The assembled Madouri troops stood straighter in response, several smiling at the diminutive Lady.

Duke Ehriban slumped back into his chair, gaping at Ravana in disbelief for a few befuddled moments. Then, finally, he emitted a forced chuckle, shaking his head.

“Well. Well, well. I, ah… I suppose I must bear some of the blame for this.”

“Some of the blame,” Marguerite muttered, but he ignored her.

“So much like your mother,” Ehriban continued, giving Ravana a fond smile. “Well then! I see there is yet another side to this…impromptu negotiation. Please remove that weapon from your brother, Ravana, and let us come to an agreement.”

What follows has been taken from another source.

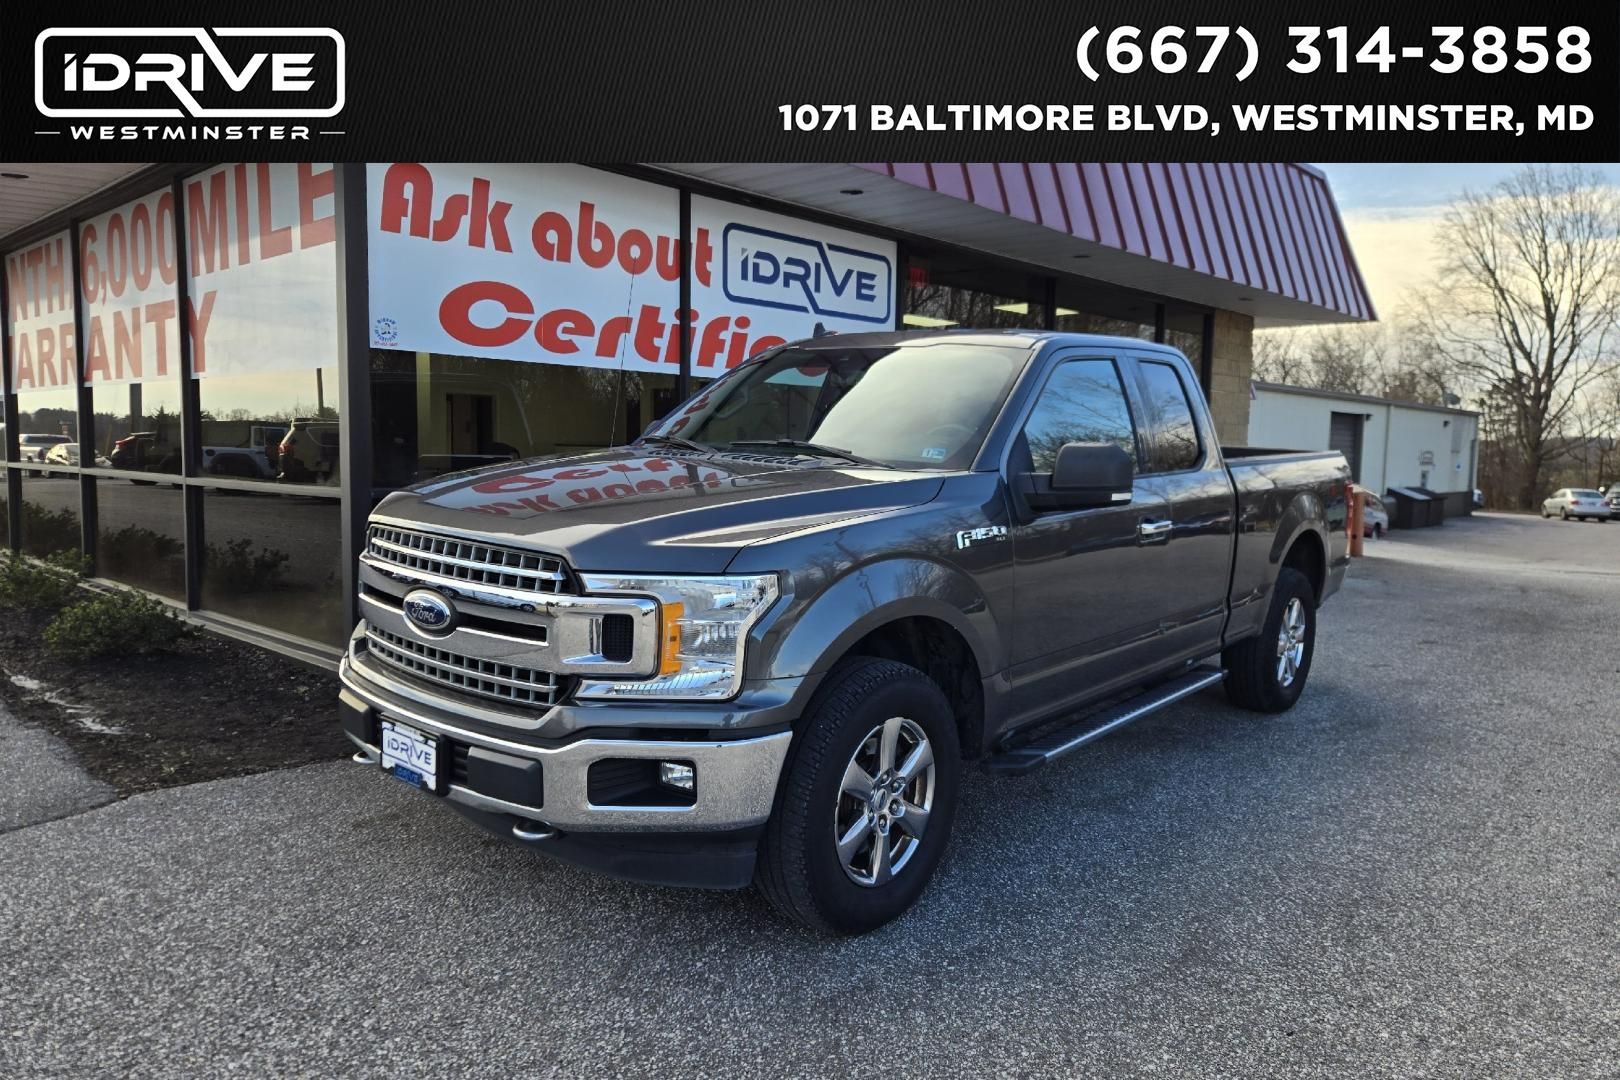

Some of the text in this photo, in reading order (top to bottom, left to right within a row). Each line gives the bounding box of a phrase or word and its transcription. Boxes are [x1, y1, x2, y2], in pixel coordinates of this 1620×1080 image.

[80, 192, 177, 305] 6,000
[380, 163, 713, 288] Ask about
[9, 291, 217, 389] ARRANTY
[411, 603, 437, 623] Ford

“Negotiations are only necessary when one is not in complete control of a situation,” Ravana stated, her expression reverting to frigid detachment. “The soldiers here answer to me, as I have demonstrated. That leaves you nothing with which to pressure the Falconers or Lady Shaeine—whereas I can assure due recompense to House Awarrion for the grievous insult you have inflicted, as well as an immediate lessening of the entirely needless and punitive burden of taxation and administrative interference you have inflicted upon Falconer Industries.”

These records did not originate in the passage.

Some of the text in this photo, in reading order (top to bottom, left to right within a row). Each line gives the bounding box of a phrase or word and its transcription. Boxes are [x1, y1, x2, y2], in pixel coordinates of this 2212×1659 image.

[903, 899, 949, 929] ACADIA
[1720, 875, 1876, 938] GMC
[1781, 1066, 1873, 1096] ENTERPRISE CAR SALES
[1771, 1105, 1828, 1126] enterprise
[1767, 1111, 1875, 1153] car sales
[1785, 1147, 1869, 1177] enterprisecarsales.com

“Young lady, take what you’ve been given and be grateful,” Ehriban said, straightening up again and frowning down at her. “That is quite enough. We can discuss these matters in more detail later.”

“You fail to understand,” she intoned softly. “This province has been driven to the brink by your incompetence and malfeasance. Our people are harassed and abused instead of protected by your crooked police forces, your unreasonable taxes stifle economic activity, and your personal outbursts and petty cruelties have isolated us and made a virtual enemy of the Silver Throne itself. After years of corruption and abuse, you’ve finally crossed the line, Father. This is not an intervention. This is a coup d’etat. In the Emperor’s name, I arrest you for high treason. Once Imperial Intelligence has perused the proof of your planned murder of a Narisian diplomat, I imagine the ultimate sentence will be pronounced swiftly. Men, secure the Duke.”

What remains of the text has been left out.